- Problem to solve
Print the data once more, exactly as given. Drop the pictures.

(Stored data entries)

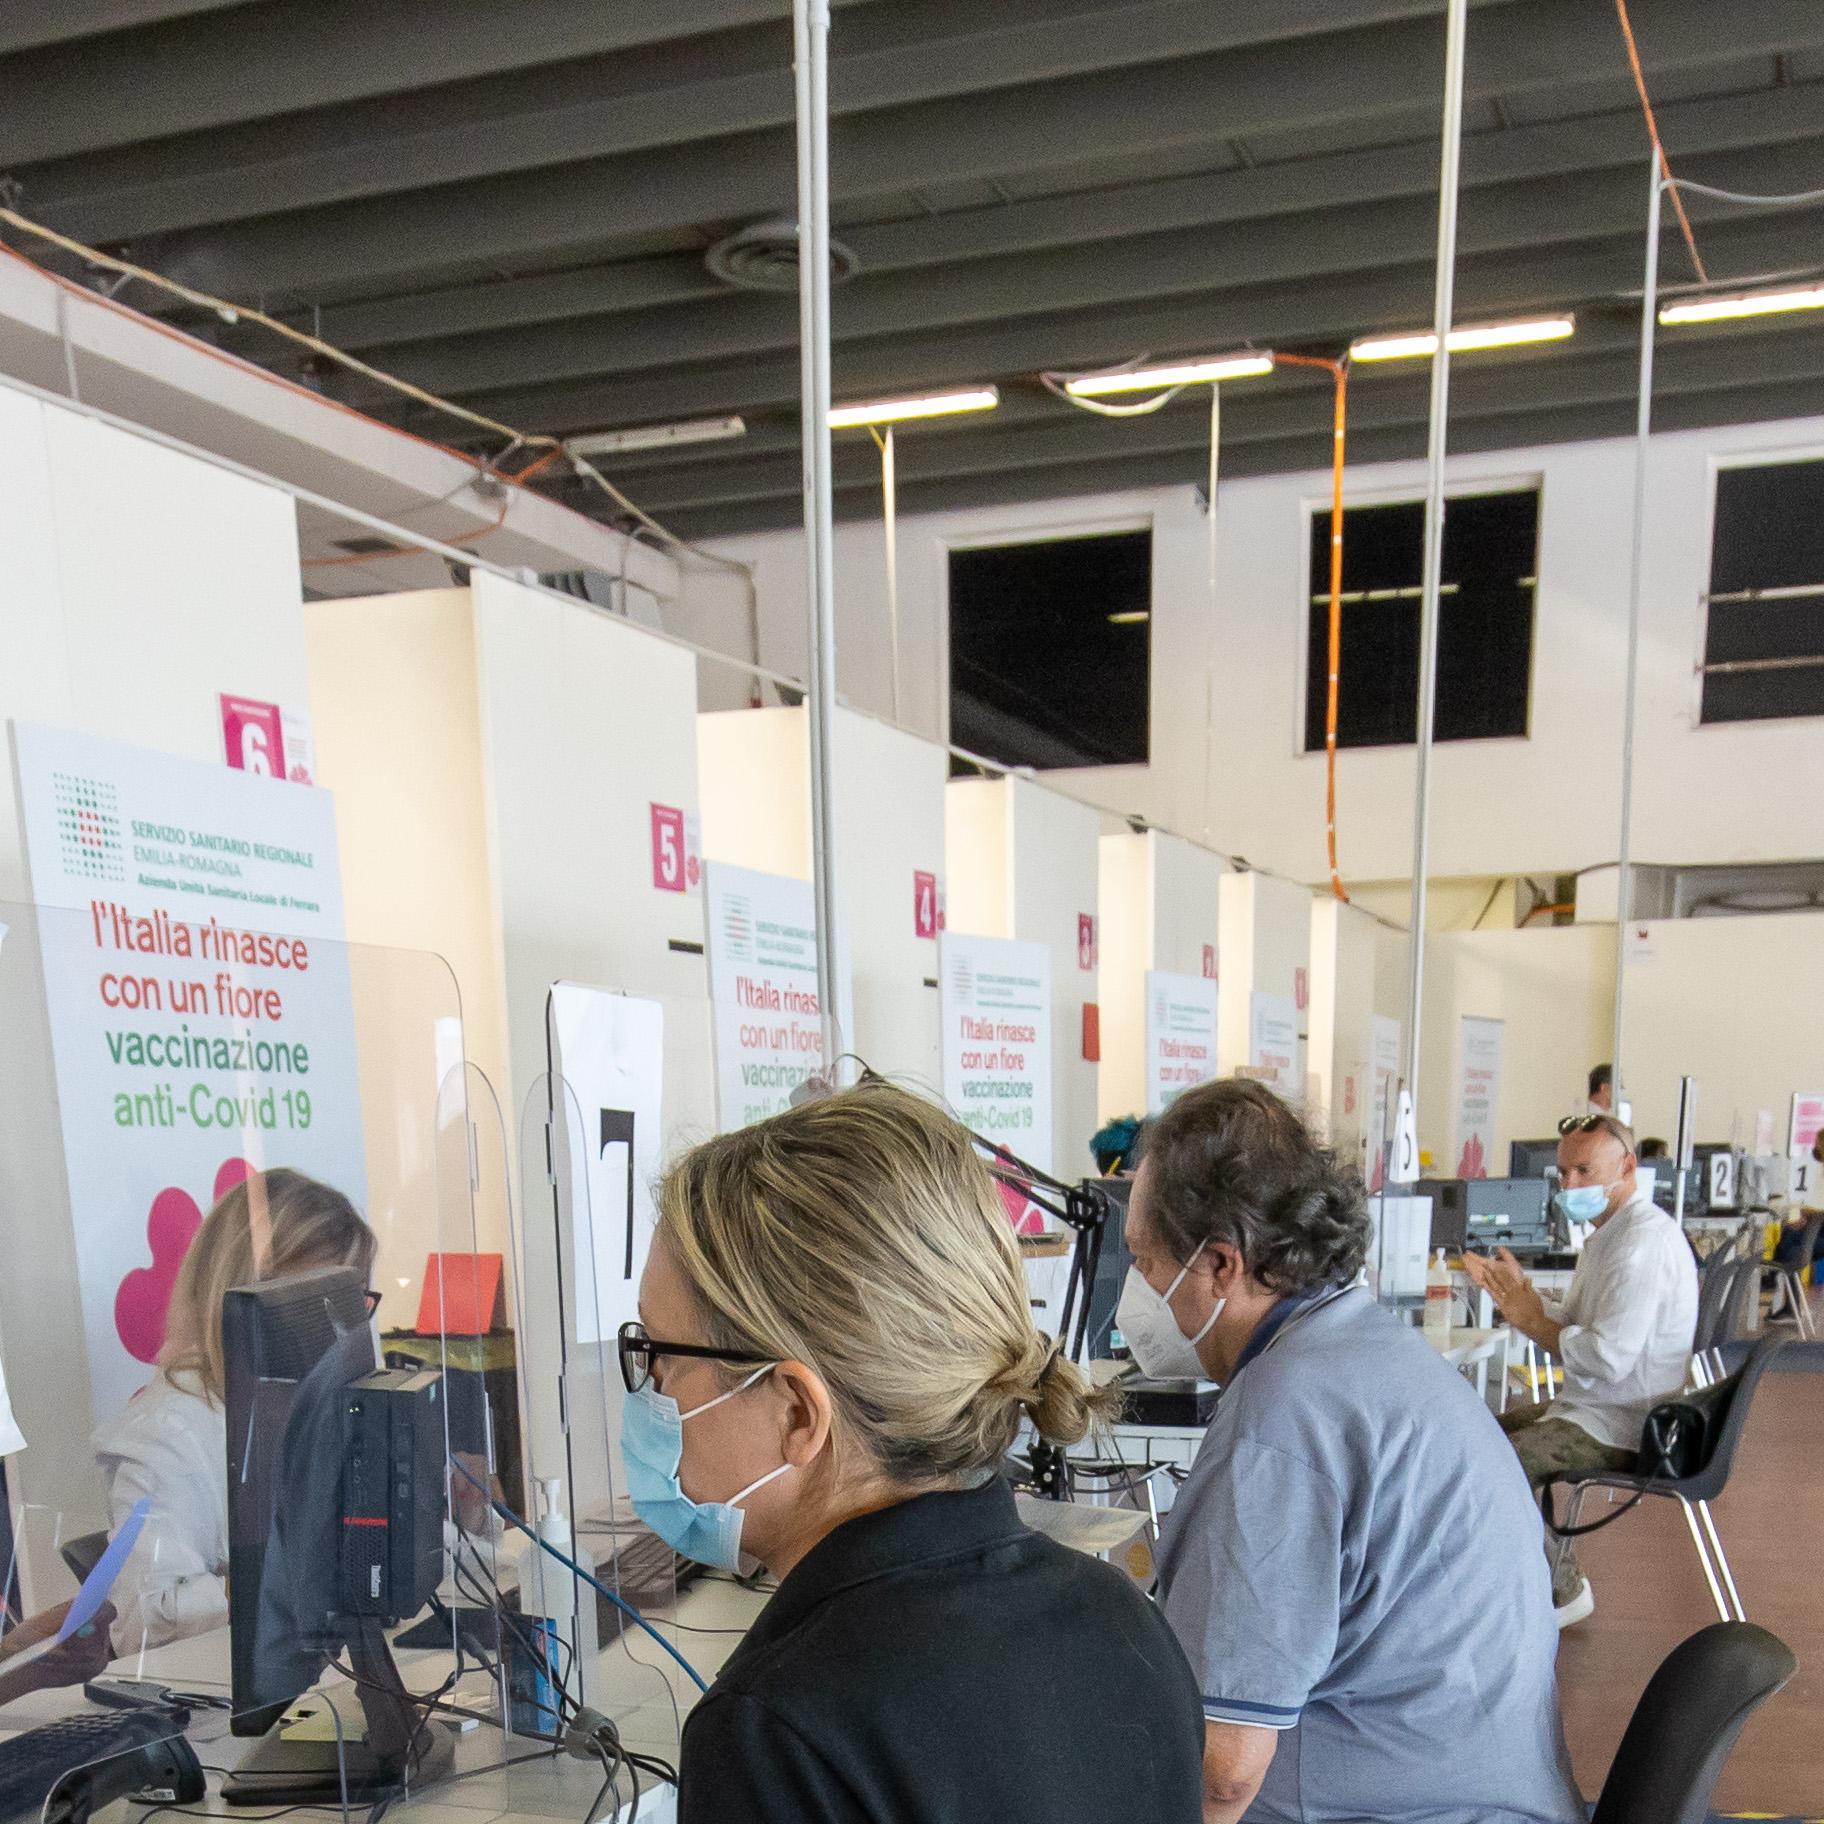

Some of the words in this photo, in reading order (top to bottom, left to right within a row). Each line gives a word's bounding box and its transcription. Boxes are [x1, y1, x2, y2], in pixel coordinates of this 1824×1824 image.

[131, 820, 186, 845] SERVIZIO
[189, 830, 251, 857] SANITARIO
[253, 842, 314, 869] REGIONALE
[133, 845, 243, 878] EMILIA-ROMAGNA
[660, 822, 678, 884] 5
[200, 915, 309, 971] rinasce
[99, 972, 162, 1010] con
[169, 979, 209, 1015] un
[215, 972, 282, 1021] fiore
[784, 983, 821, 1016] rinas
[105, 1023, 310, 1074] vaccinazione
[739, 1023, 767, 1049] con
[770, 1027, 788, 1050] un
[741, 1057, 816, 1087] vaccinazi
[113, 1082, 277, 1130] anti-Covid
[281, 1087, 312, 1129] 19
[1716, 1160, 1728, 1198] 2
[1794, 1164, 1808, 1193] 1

- Solution for this task
Some of the words in this photo, in reading order (top to bottom, left to right within a row). Each line gives a word's bounding box and its transcription. Boxes are [x1, y1, x2, y2], in pixel coordinates of this 1824×1824 image.

[131, 820, 186, 845] SERVIZIO
[189, 830, 251, 857] SANITARIO
[253, 842, 314, 869] REGIONALE
[133, 845, 243, 878] EMILIA-ROMAGNA
[660, 822, 678, 884] 5
[200, 915, 309, 971] rinasce
[99, 972, 162, 1010] con
[169, 979, 209, 1015] un
[215, 972, 282, 1021] fiore
[784, 983, 821, 1016] rinas
[105, 1023, 310, 1074] vaccinazione
[739, 1023, 767, 1049] con
[770, 1027, 788, 1050] un
[741, 1057, 816, 1087] vaccinazi
[113, 1082, 277, 1130] anti-Covid
[281, 1087, 312, 1129] 19
[1716, 1160, 1728, 1198] 2
[1794, 1164, 1808, 1193] 1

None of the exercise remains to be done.